La descente et l’accomplissement
Staboulov travaillait sur l’effet cathartique du délire. C’est ce qu’il nous avait expliqué lors de la réunion de présentation du projet thérapeutique. Beaucoup d’entre nous ne comprenaient pas de quel délire il parlait mais qu’importe.
Il avait apporté quelques changements dans le fonctionnement du centre. Il voulait amener de la souplesse à un fonctionnement « un peu sclérosé », avait-il dit. Le conseil des usagers de Valvert avait été rebaptisé « Groupe de parole ». Le grand sachem nous avait aussi demandé l’autorisation d’enregistrer les réunions, « gage de transparence », avait-il précisé. Au premier groupe de parole, les débats avaient été houleux. Certains dénonçaient une dérive totalitaire. David G. défendait les positions de la direction. Soares, quant à lui, commençait à installer les micros.

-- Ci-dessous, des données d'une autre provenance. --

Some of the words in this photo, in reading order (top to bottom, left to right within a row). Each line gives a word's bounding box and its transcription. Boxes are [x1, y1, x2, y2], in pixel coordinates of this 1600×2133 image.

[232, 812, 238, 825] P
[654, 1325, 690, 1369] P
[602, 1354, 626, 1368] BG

Et moi, de quel côté étais-je ? Usager du centre Valvert ou chroniqueur anonyme ?
Mon identité semblait se dissoudre au gré des péripéties de l’histoire. Des noms affleuraient à la surface d’une conscience aux abois : Raoul Da Silva, Jack Rimasky et d’autres plus évanescents encore… Cette sensation ne m’était pas étrangère. C’était comme un retour après une longue errance, un prélude à la transmigration des âmes : la mienne, comme une évidence, s’appelait Timothy.